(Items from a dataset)
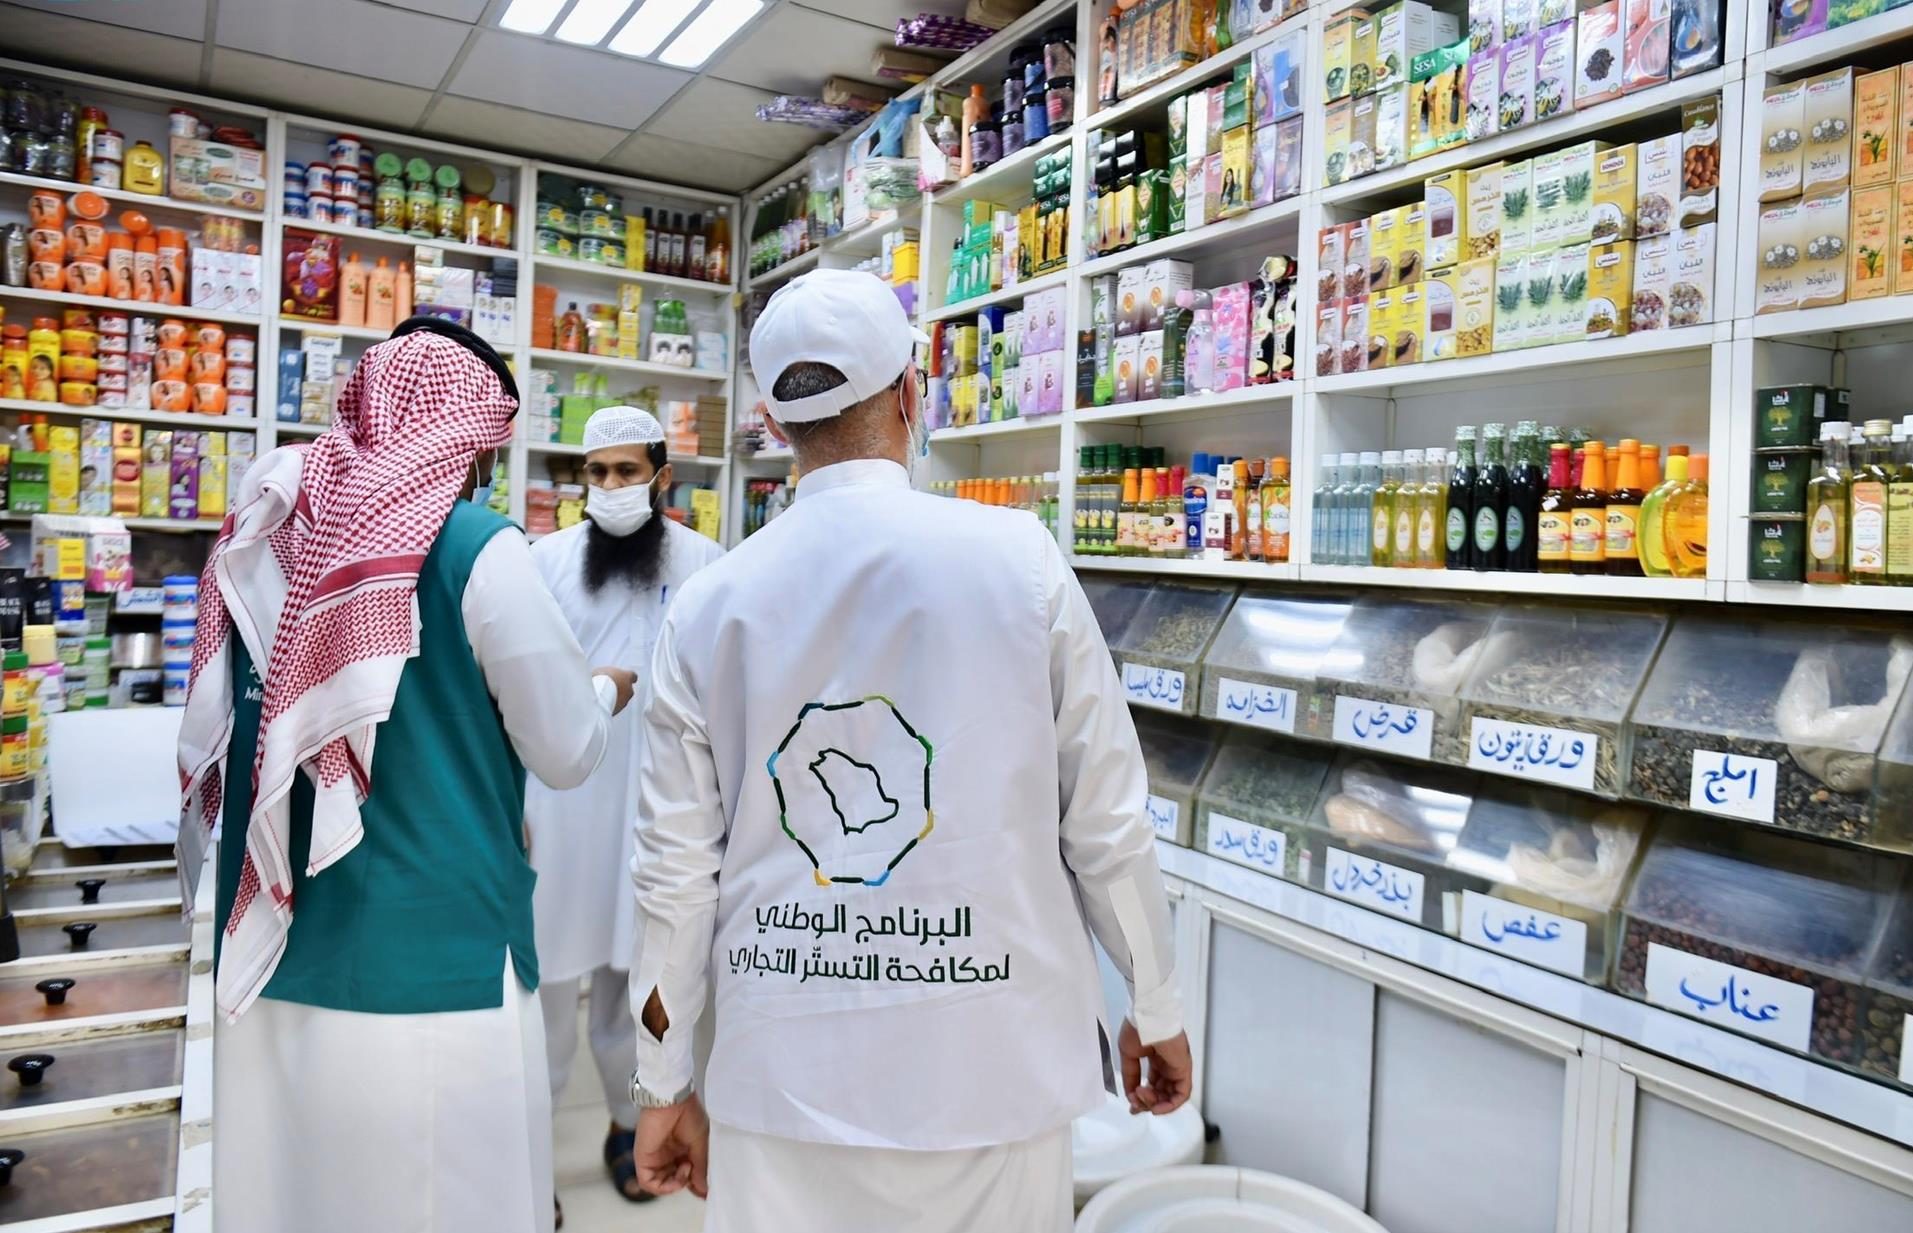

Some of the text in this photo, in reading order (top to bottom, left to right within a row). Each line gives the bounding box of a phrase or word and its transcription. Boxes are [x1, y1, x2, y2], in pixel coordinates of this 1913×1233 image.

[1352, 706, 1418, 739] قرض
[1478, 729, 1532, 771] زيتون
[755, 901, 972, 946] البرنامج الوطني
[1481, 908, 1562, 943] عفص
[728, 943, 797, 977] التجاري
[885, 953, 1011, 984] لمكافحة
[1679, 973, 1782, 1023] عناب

EXERCISE INSTRUCTIONS:
The data is to be restated word for word, with any pictures set aside.

WORKED SOLUTION:
Some of the text in this photo, in reading order (top to bottom, left to right within a row). Each line gives the bounding box of a phrase or word and its transcription. Boxes are [x1, y1, x2, y2], in pixel coordinates of this 1913×1233 image.

[1352, 706, 1418, 739] قرض
[1478, 729, 1532, 771] زيتون
[755, 901, 972, 946] البرنامج الوطني
[1481, 908, 1562, 943] عفص
[728, 943, 797, 977] التجاري
[885, 953, 1011, 984] لمكافحة
[1679, 973, 1782, 1023] عناب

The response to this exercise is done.